Structured finance is a beautiful thing, and the men of Wall Street love to fall in love with beautiful things. Unfortunately, given the current depth of our predicament, not to mention our inability to act rationally, we need less heat, less irrational passion and regulation, and more light, more transparency. The transition from corporate into structured finance is analogous to prior revolutions; it cannot be accomplished without a painful re-adjustment, in this case to the dynamic framework essential to a proper understanding of structured finance as opposed to the static model found at the heart of corporate finance. The rules of the game, i.e. those found in the pooling and servicing agreement and in the SPC, are not the imprisonment, the reduction of freedom they are thought to be. On the contrary, they are a formal liberation of the creative powers that lie concealed at the root of any commercial endeavor. Far from the problem it is now thought to represent, structured finance is rather a solution to the apparently unsolvable dilemma pitting borrowers against lenders since time immemorial. So close, and yet so far!
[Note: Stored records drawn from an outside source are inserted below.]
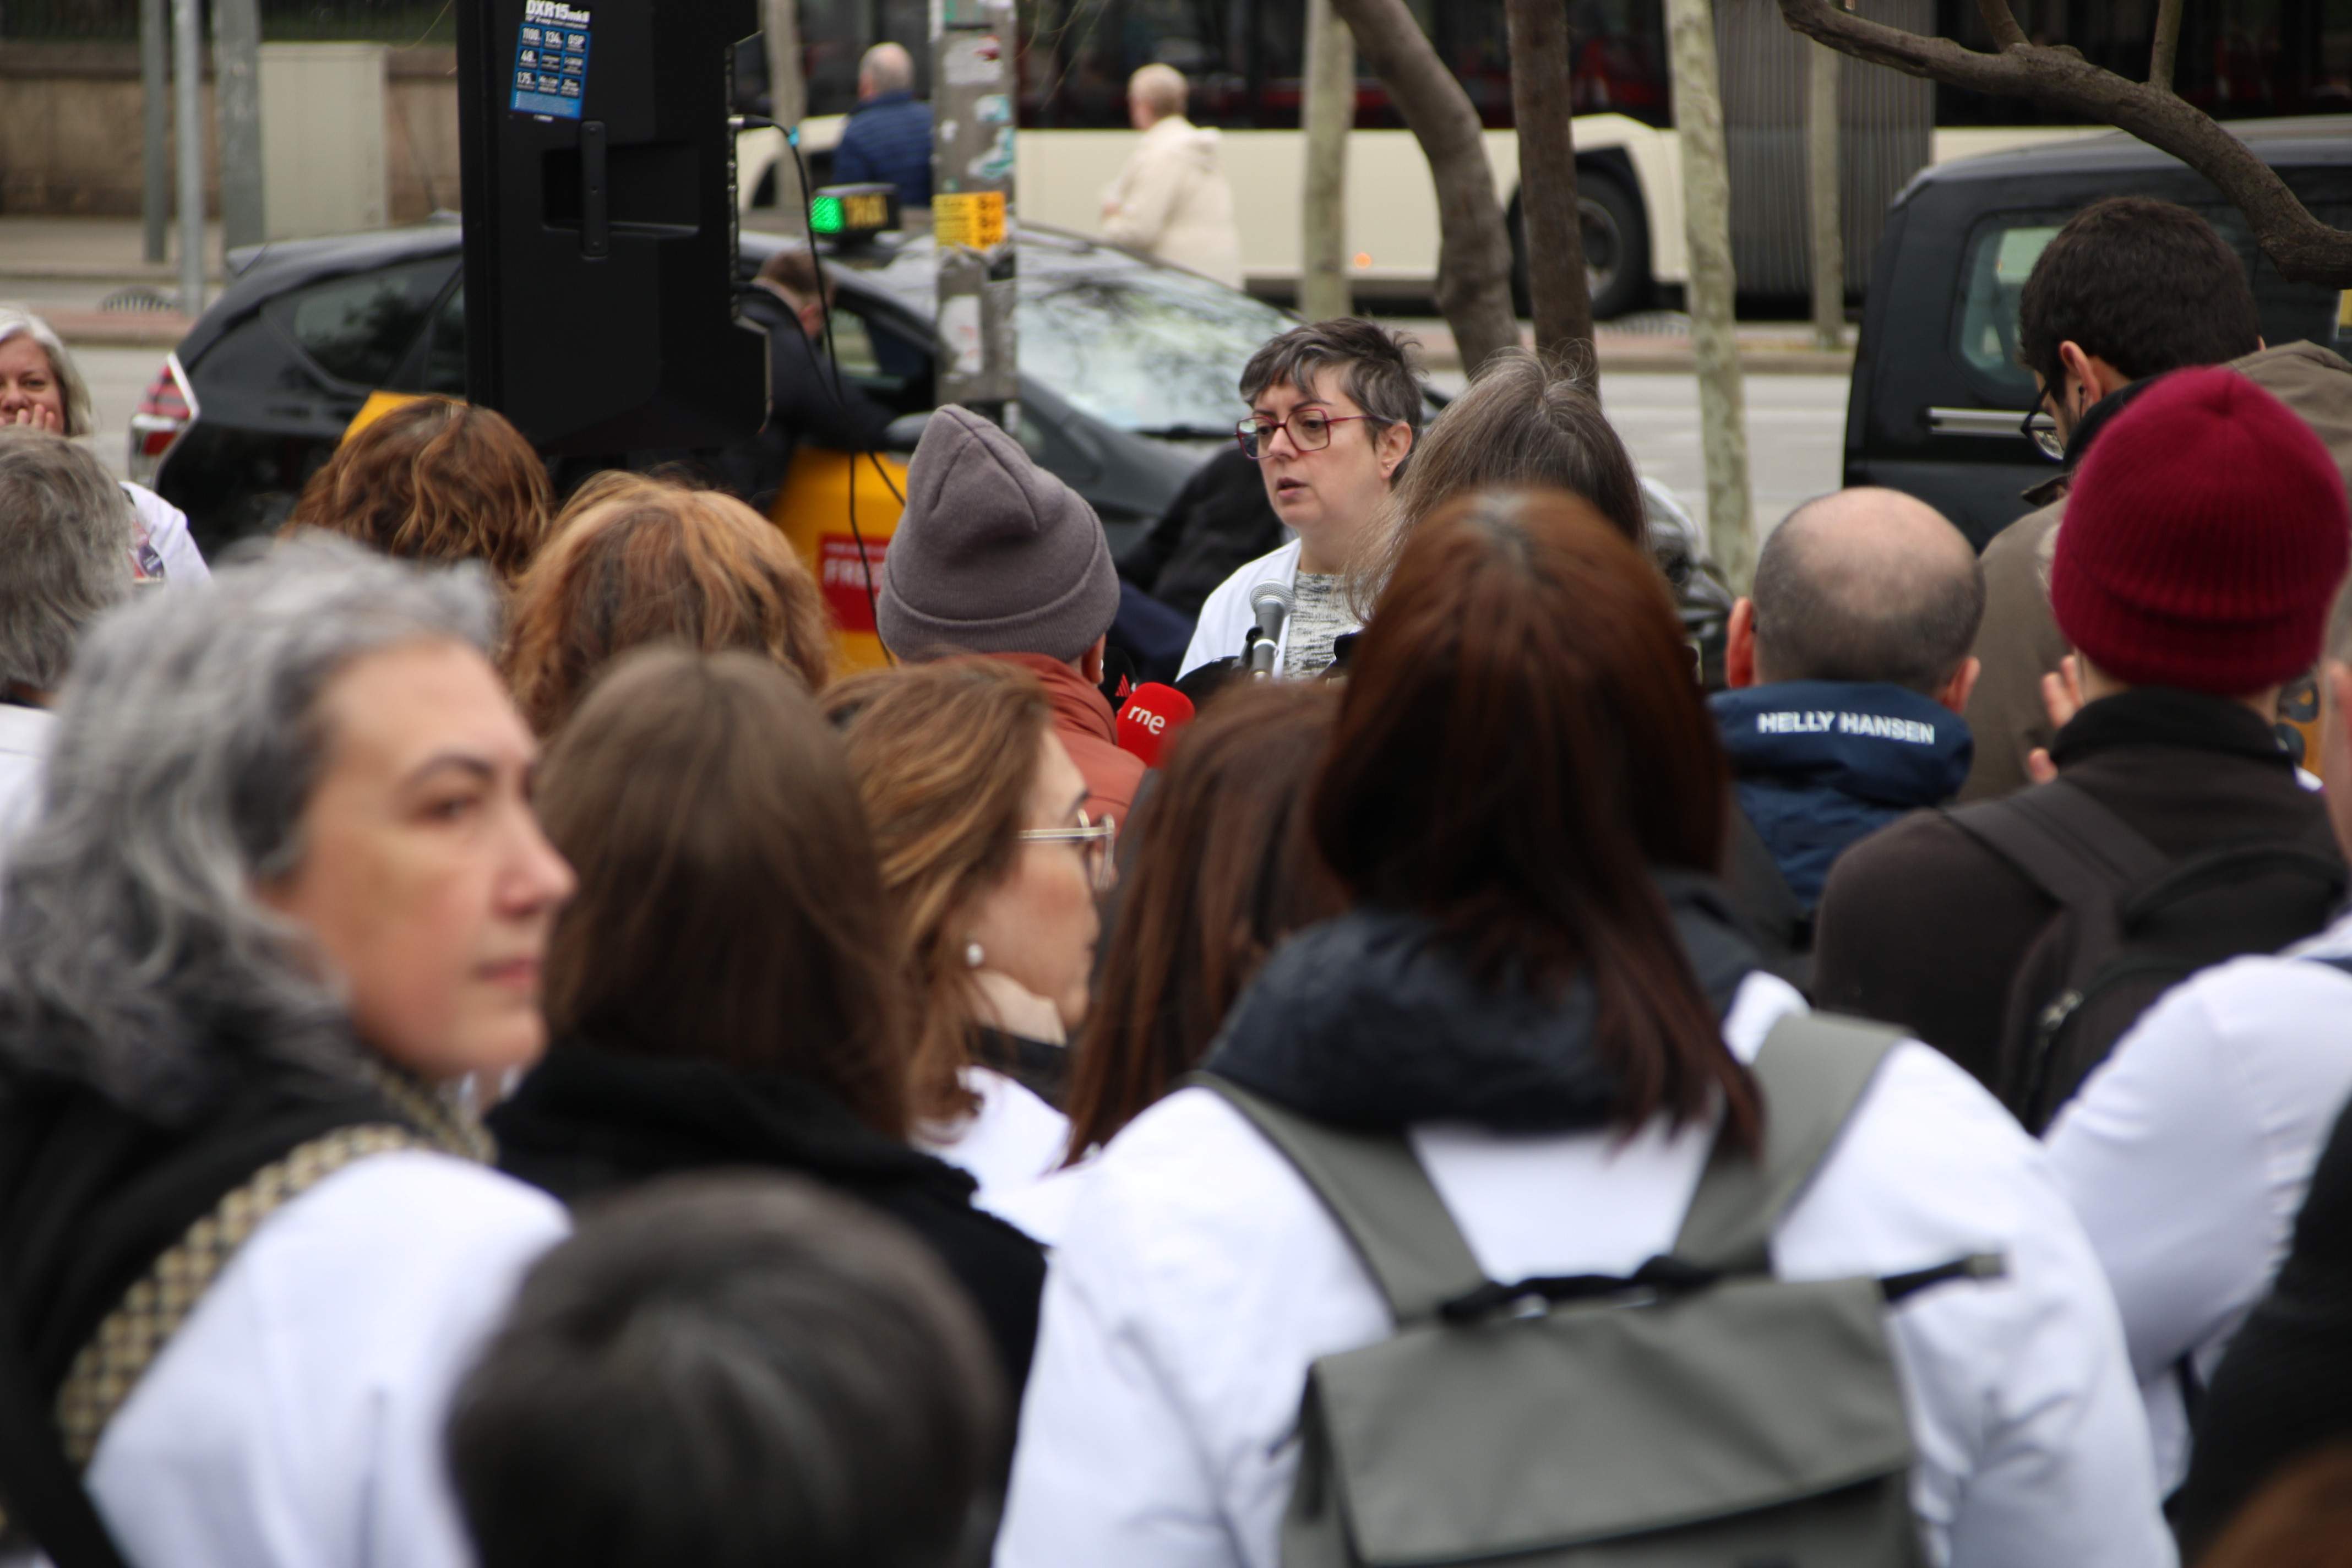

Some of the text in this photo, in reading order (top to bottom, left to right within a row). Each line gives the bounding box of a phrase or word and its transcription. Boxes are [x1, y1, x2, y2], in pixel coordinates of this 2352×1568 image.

[1128, 706, 1165, 734] rne
[1758, 711, 1935, 744] HELLY HANSEN
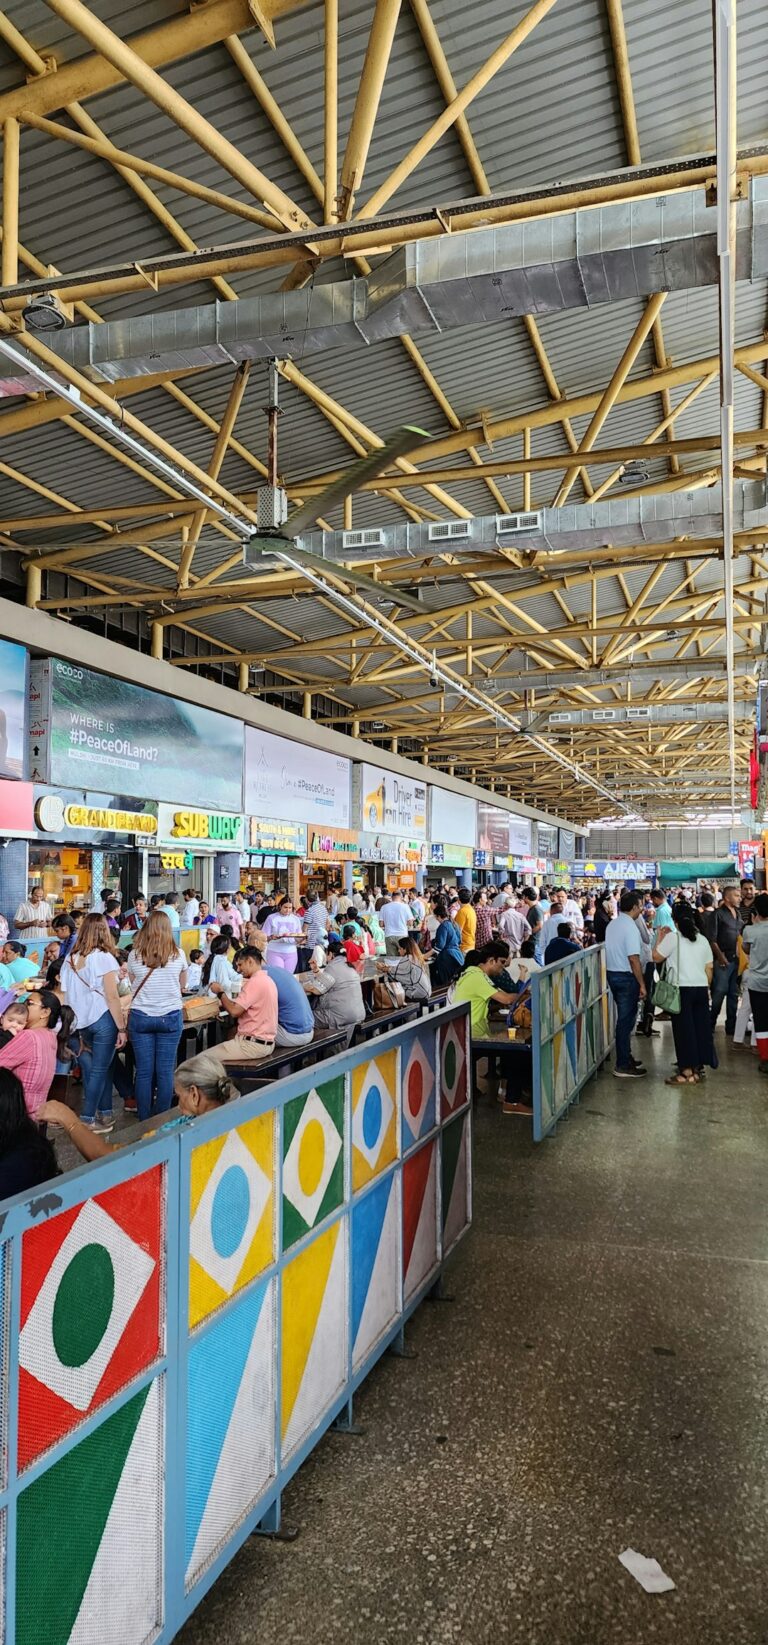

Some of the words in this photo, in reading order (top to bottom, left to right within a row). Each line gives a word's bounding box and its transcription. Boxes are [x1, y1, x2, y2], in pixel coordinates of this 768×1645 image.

[56, 663, 84, 680] ecoco
[69, 712, 104, 731] WHERE
[106, 722, 115, 733] IS
[69, 728, 159, 761] #PeaceOfLand?
[297, 779, 336, 797] #PeaceOfLand
[393, 780, 413, 807] Driver
[172, 812, 241, 840] SUBWAY
[160, 849, 193, 870] सबवे
[604, 862, 646, 874] AJFAN
The power unleashed by the dynamics of structured finance is like any other force. Properly handled, which only means understood, it can lead to prosperity and countless blessings to the common man. Mishandled as it has thus far been, it can wreak havoc on a monumental scale, at the very moment we thought it was safe to go back to the trading floor. How we move forward from here onwards is how others will later judge our character. Success and failure move along the same dimension, the stochastic horizon lying at the edge of the outermost limit. We are now standing on the surface of the atomic sphere, forced into a decision point, a choice that must irretrievably determine the future of American finance for its own sake, i.e. for the sake of deal-making. So far, we have chosen not to choose, but time is quickly running out on our self-determination. Soon, someone will choose for us, and we won’t like it for sure.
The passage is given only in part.